• **Work to complete**
Would you give the entries again word for word, with no pictures in the copy?

————

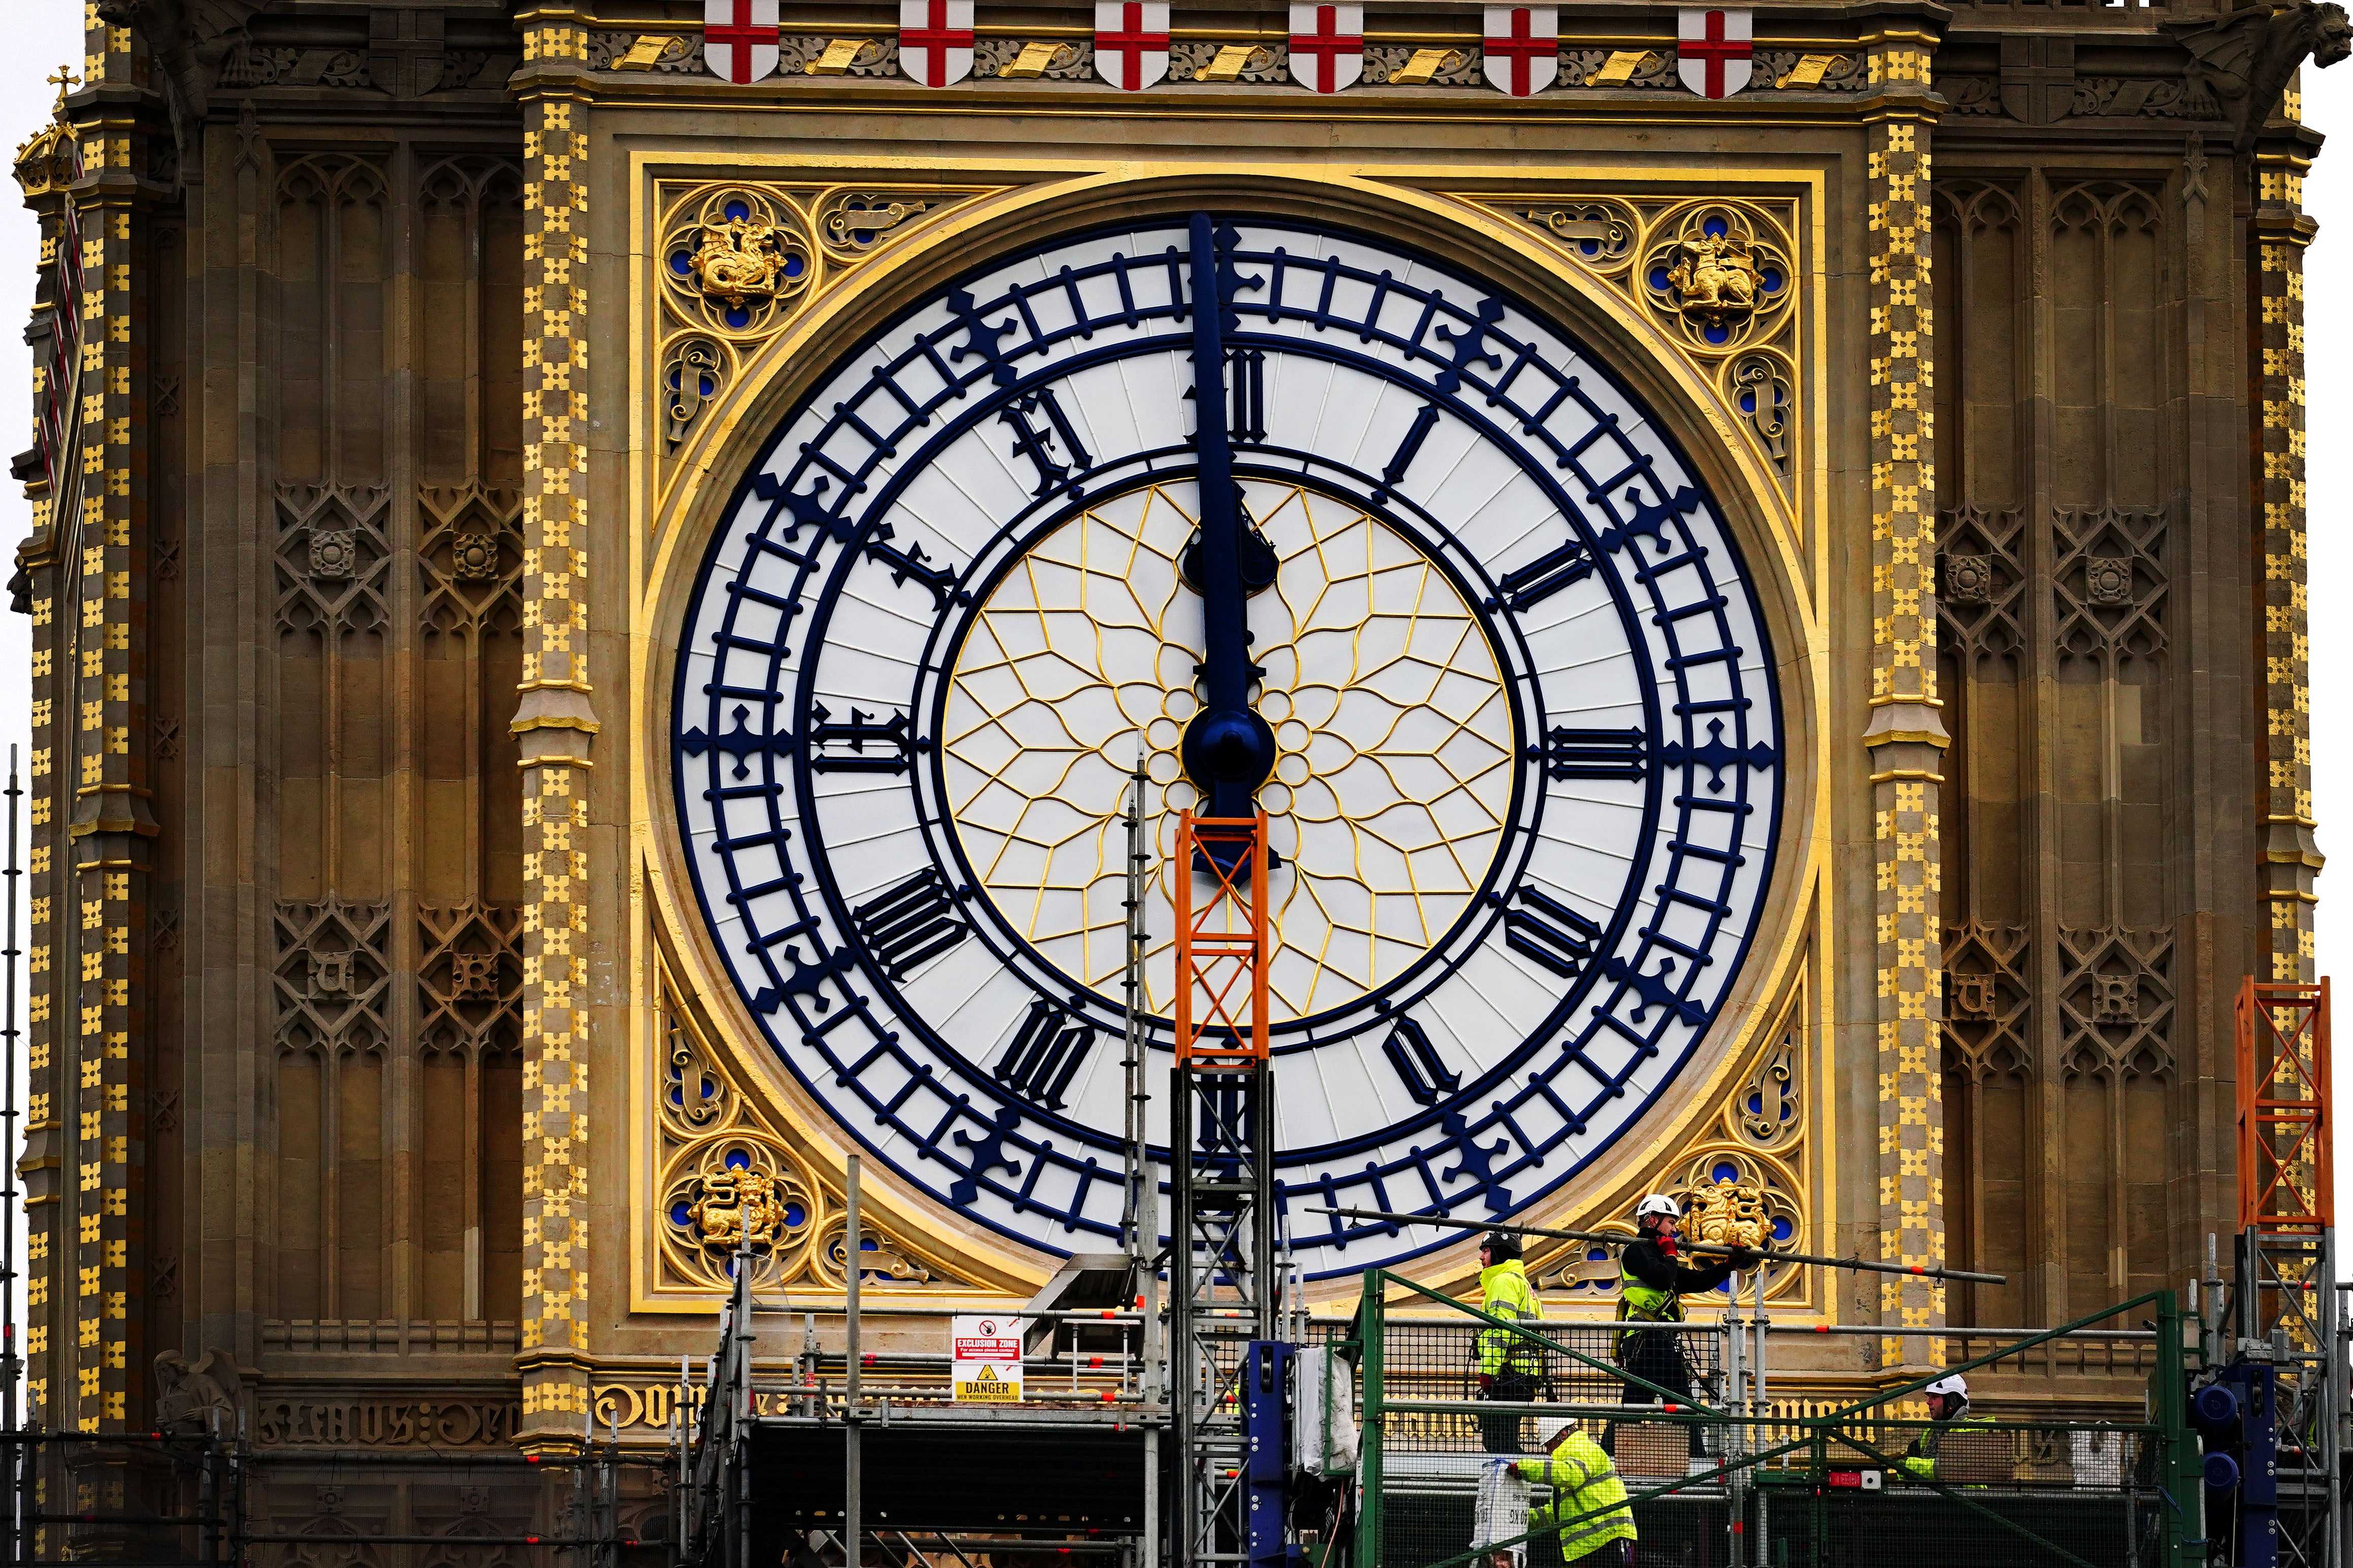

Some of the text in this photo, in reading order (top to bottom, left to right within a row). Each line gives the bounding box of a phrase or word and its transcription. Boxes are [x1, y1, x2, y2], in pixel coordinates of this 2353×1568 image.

[1382, 402, 1440, 487] I
[1496, 538, 1595, 614] II
[1547, 724, 1647, 784] III
[957, 1339, 1018, 1348] EXCLUSION ZONE
[966, 1382, 1009, 1393] DANGER
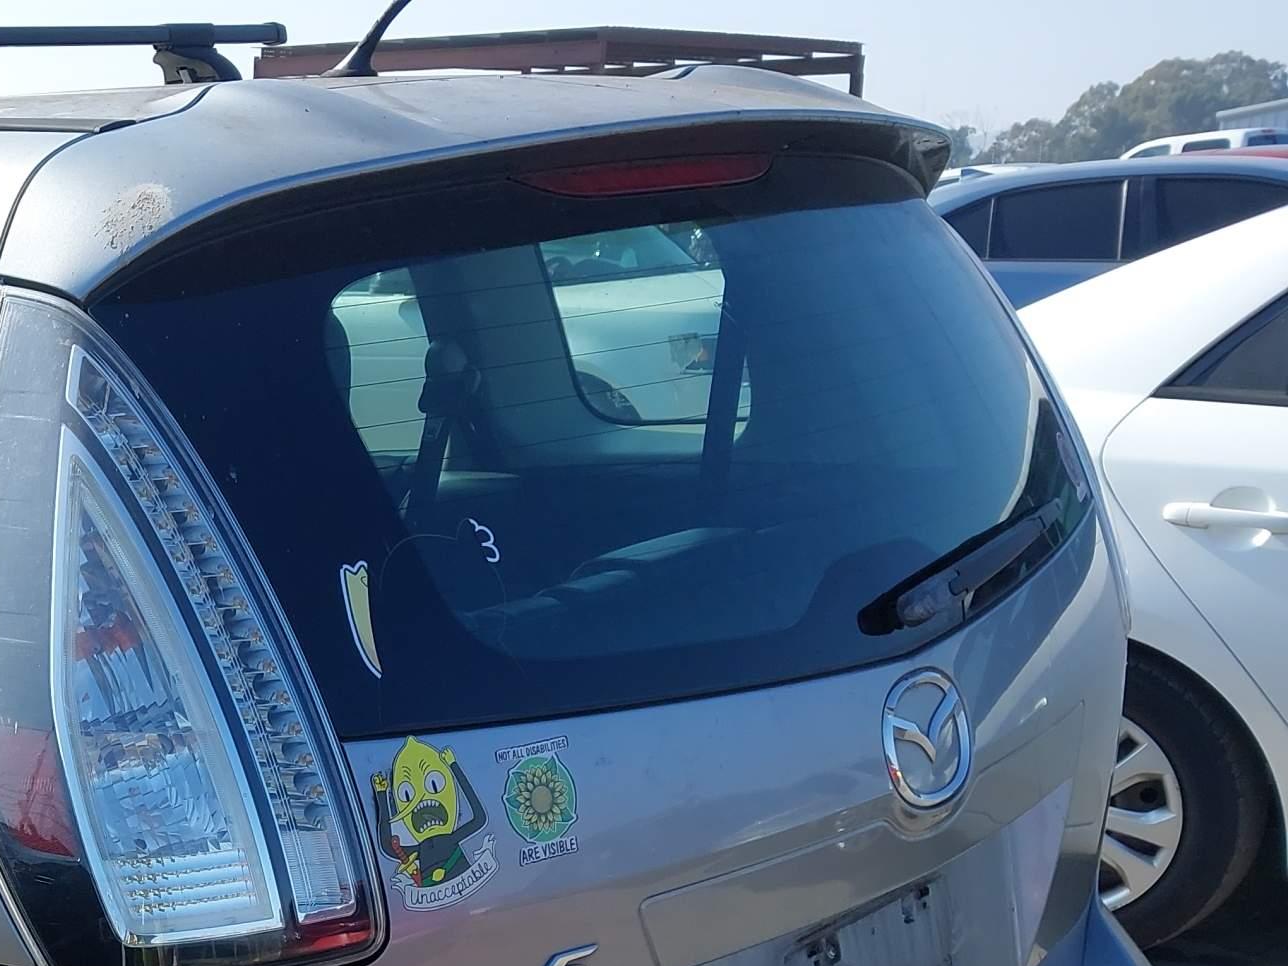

————

• **Completed task**
Some of the text in this photo, in reading order (top to bottom, left to right within a row). Each line gives the bounding box of a phrase or word and its transcription. Boxes are [x1, y1, x2, y2], in pixel coordinates of this 2353×1568 image.

[1382, 402, 1440, 487] I
[1496, 538, 1595, 614] II
[1547, 724, 1647, 784] III
[957, 1339, 1018, 1348] EXCLUSION ZONE
[966, 1382, 1009, 1393] DANGER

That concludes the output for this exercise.